If you're a developer and want to share your knowledge with the world, becoming a content creator is one of the best things you can do. You help others, build your brand, and maybe even earn side income.
But getting started — especially on YouTube — can feel overwhelming. What should you talk about? How do you get people to see your videos?
Here’s a step-by-step guide, written for developers who want to become creators without overthinking it.
🎬 1. Pick a Simple Content Format
You don’t need a fancy camera or editing skills to begin. Start with what you know.
Easy formats to try:
- Coding tutorials (e.g., "How to build a login page with Vue")
- Fixing bugs or solving problems on-screen
- Short tech tips (e.g., Git tricks, CLI shortcuts)
- Reviews or comparisons of tools
- Sharing your dev journey or career advice
🛠 Tip: Screen recording tools like OBS Studio or Loom are free and easy to use.
✍️ 2. Keep Titles & Thumbnails Clear
No one clicks vague titles. Be clear and specific.
Bad: A Cool Coding Trick
Better: Fix This Common React Bug in 2 Minutes
Also, thumbnails don’t need to be pretty — they just need to catch attention. Use tools like Canva or Snappa for templates.
🔍 3. Use Tags and Hashtags the Right Way
This is one of the easiest ways to improve discoverability on YouTube.
Tags help YouTube understand what your video is about.
Hashtags help your video appear in trending or related topics.
You can use these two free tools to generate relevant keywords:
- 🎯 YouTube Tag Generator – Add your video topic and get SEO-friendly tag suggestions
- 🎯 YouTube Hashtag Generator – Enter your keywords and get related hashtags to copy-paste
These tools save time and help your video show up in search and suggestions.
🧠 4. Don’t Wait for Perfection
The first few videos will always feel "meh" — and that’s totally fine.
Upload anyway. You’ll improve over time. Most creators regret not starting earlier, not uploading imperfect videos.
📢 5. Share It with the Right People
After publishing, share your video where other developers hang out:
- Dev.to
- Reddit (relevant subreddits)
- Twitter / X
- Discord or Slack groups
- LinkedIn (if your content is career-related)
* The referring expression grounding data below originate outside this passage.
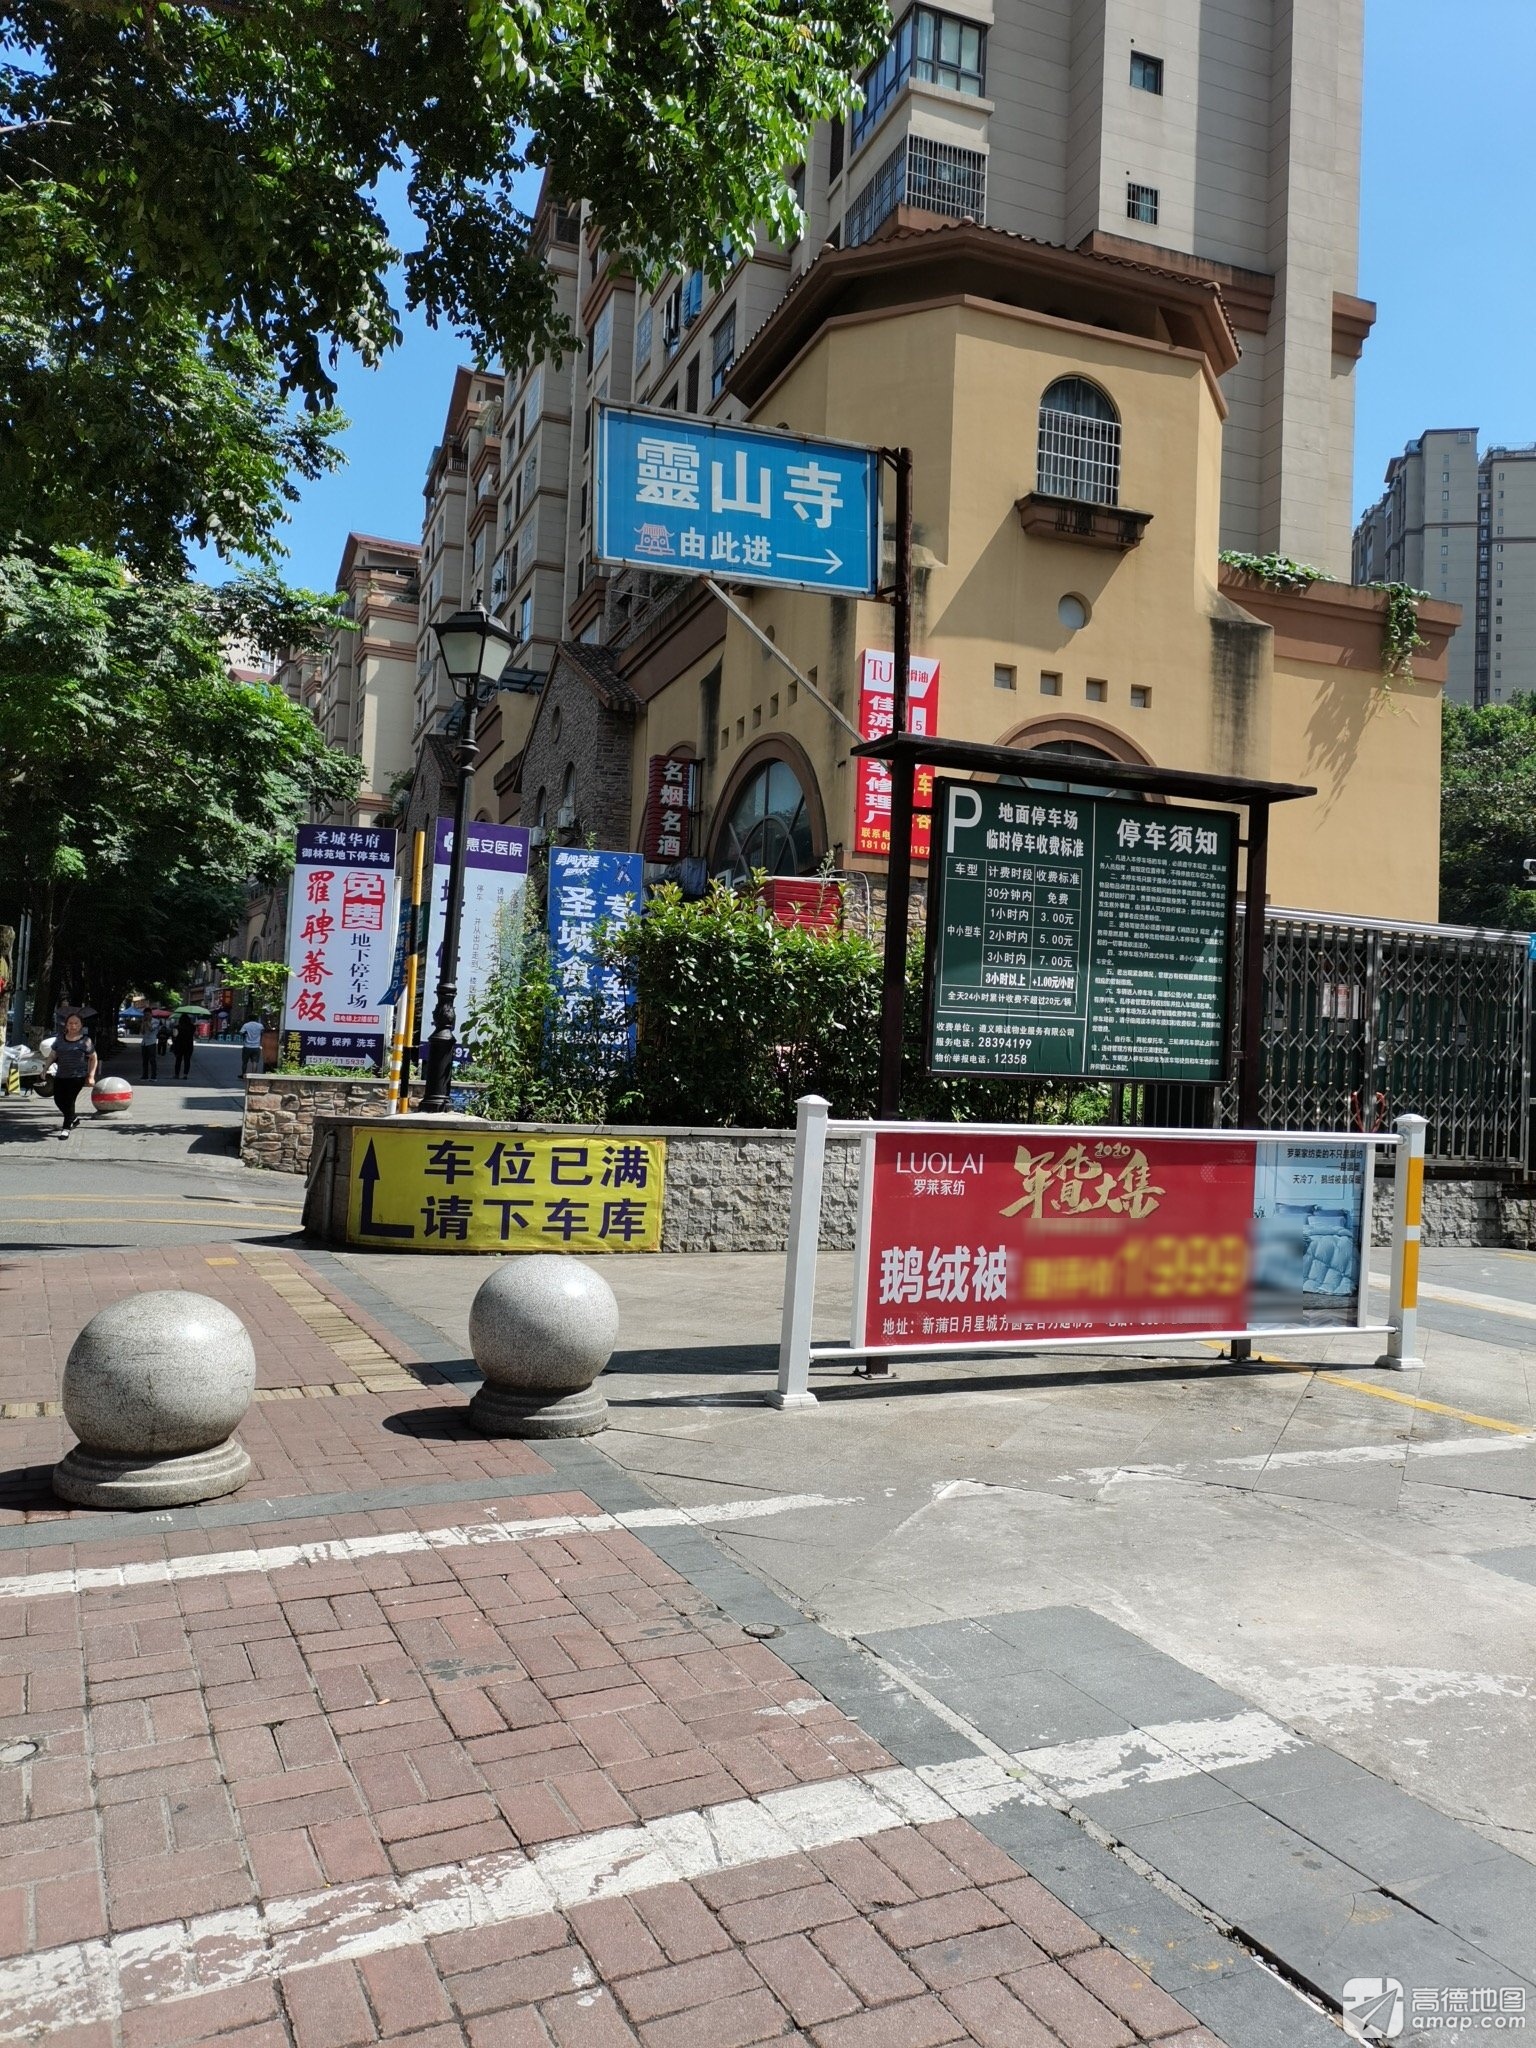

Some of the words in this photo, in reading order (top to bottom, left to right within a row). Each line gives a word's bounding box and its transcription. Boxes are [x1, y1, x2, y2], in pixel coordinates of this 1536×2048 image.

[636, 437, 843, 529] 靈山寺
[680, 527, 771, 567] 由此进
[657, 760, 684, 857] 名烟名酒
[947, 786, 983, 853] P
[998, 802, 1079, 831] 地面停车场
[313, 831, 381, 848] 圣城华府
[465, 837, 523, 857] 惠安医院
[986, 828, 1084, 858] 临时停车收费标准
[1116, 818, 1218, 855] 停车须知
[301, 847, 391, 863] 御林苑地下停车场
[954, 863, 979, 876] 车型
[987, 865, 1033, 881] 计费时段
[1036, 869, 1080, 885] 收费标准
[342, 871, 386, 930] 免费
[987, 887, 1032, 902] 30分钟内
[1047, 891, 1069, 905] 免费
[990, 907, 1029, 921] 1小时内
[947, 925, 982, 938] 中小型车
[989, 930, 1028, 944] 2小时内
[347, 933, 372, 1009] 地下停车场
[987, 952, 1026, 965] 3小时内
[985, 972, 1026, 987] 3小时以上
[306, 1035, 327, 1047] 汽修
[331, 1037, 352, 1048] 保养
[356, 1038, 377, 1048] 洗车
[423, 1138, 650, 1189] 车位已满
[896, 1151, 984, 1175] LUOLAI
[913, 1179, 965, 1196] 罗莱家纺
[998, 1142, 1167, 1218] 年货大集
[420, 1195, 648, 1242] 请下车库
[879, 1244, 1009, 1305] 鹅绒被
Don’t spam — just share genuinely useful content.
📈 6. Learn From the Data
After a few uploads, go to YouTube Studio and look at:
- Click-through rate (CTR) - Are your titles/thumbnails working?
- Watch time – Are people watching till the end?
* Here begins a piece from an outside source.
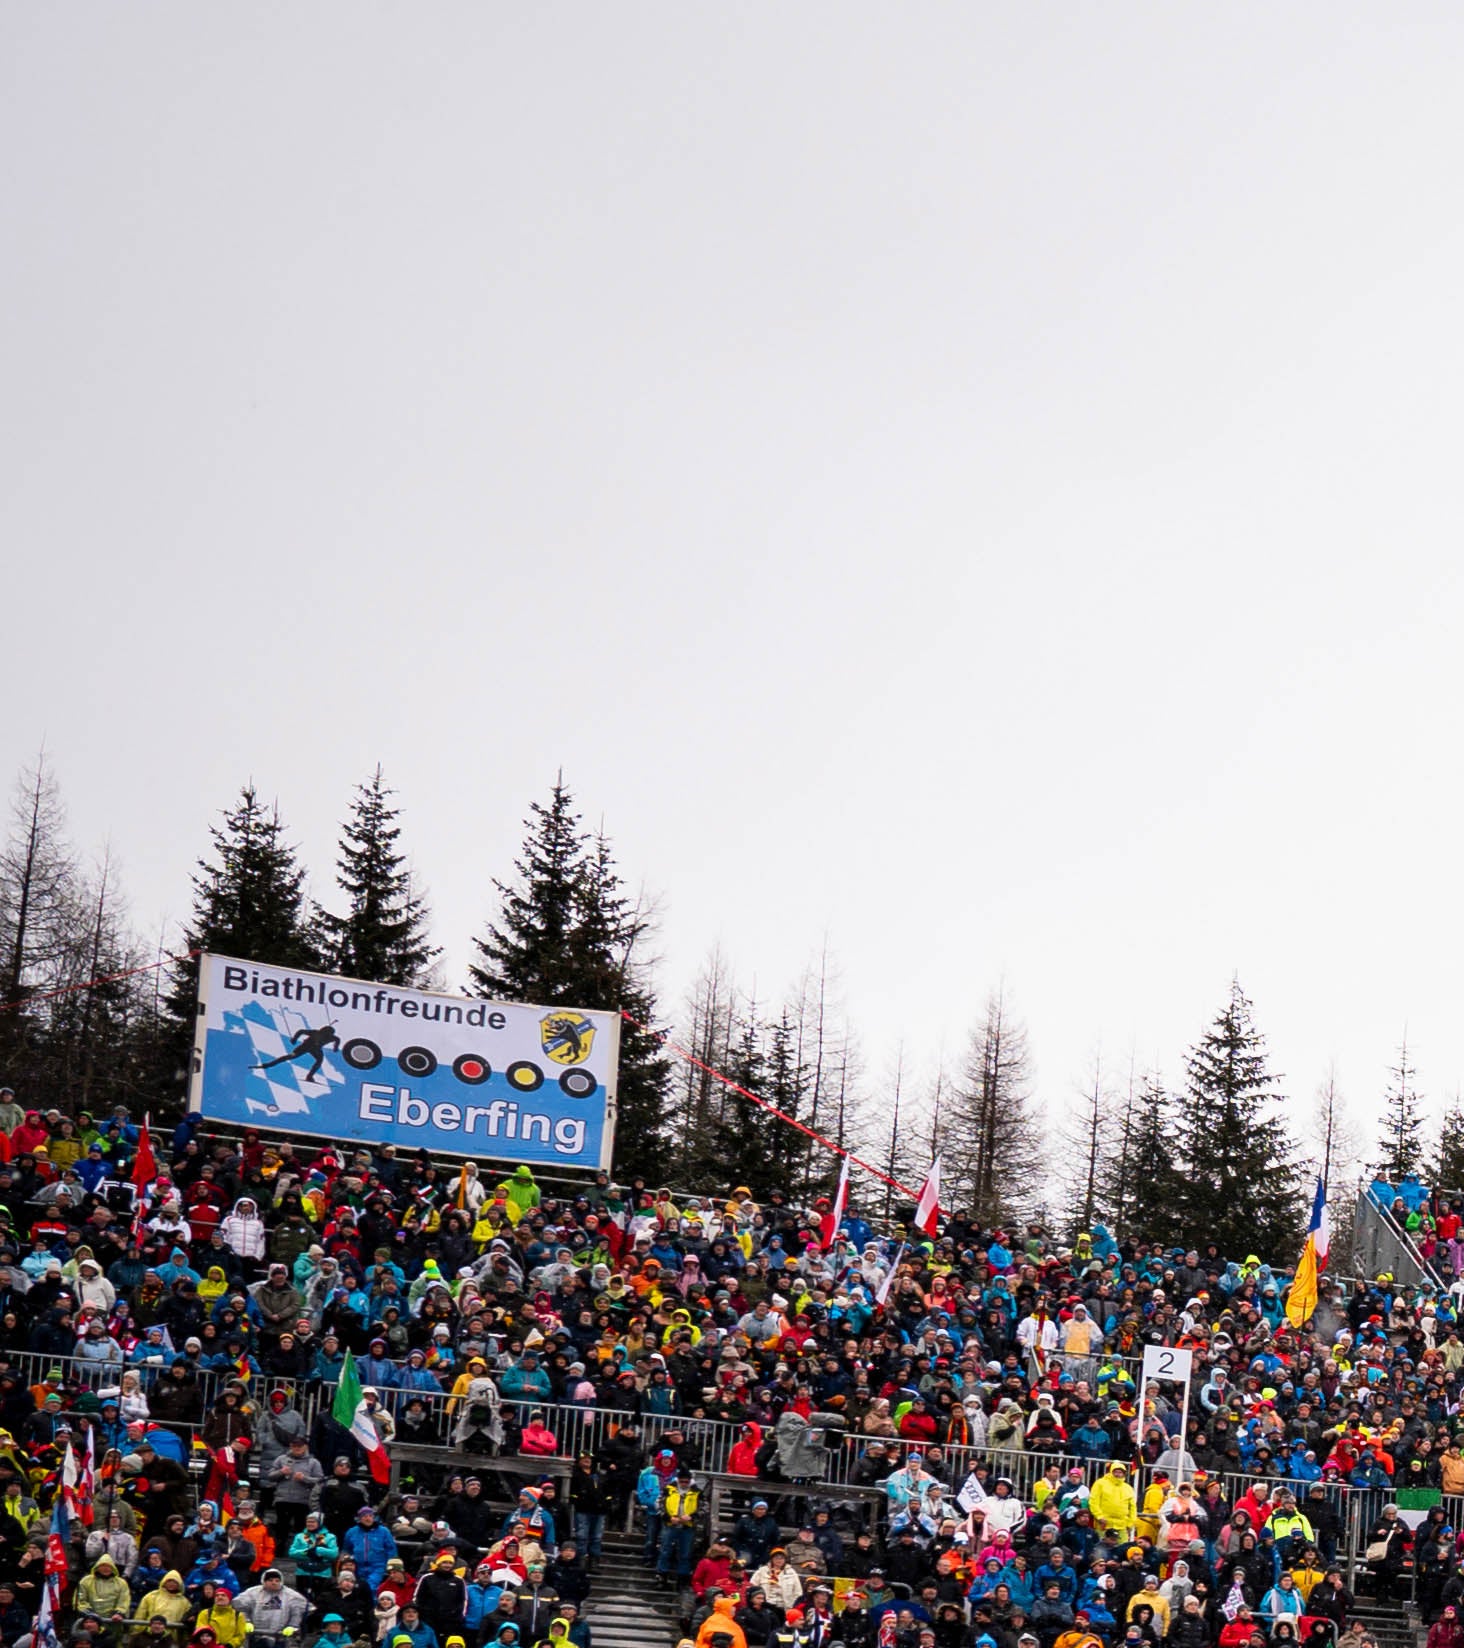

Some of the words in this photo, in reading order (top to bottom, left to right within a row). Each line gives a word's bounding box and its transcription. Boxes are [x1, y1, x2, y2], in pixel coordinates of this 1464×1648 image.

[222, 964, 508, 1031] Biathlonfreunde
[358, 1081, 588, 1155] Eberfing
[1158, 1351, 1174, 1375] 2
- Traffic sources – Are people finding you via search or links?
Adjust based on what works. Sometimes changing just the title or tags can improve views.
🚀 Start Now, Not Later
You don’t need to go viral. You just need to start. If you're helping even 10 people solve a dev problem, that's a win.
Want to be a content creator as a developer? You already have what you need: skills, knowledge, and now the roadmap.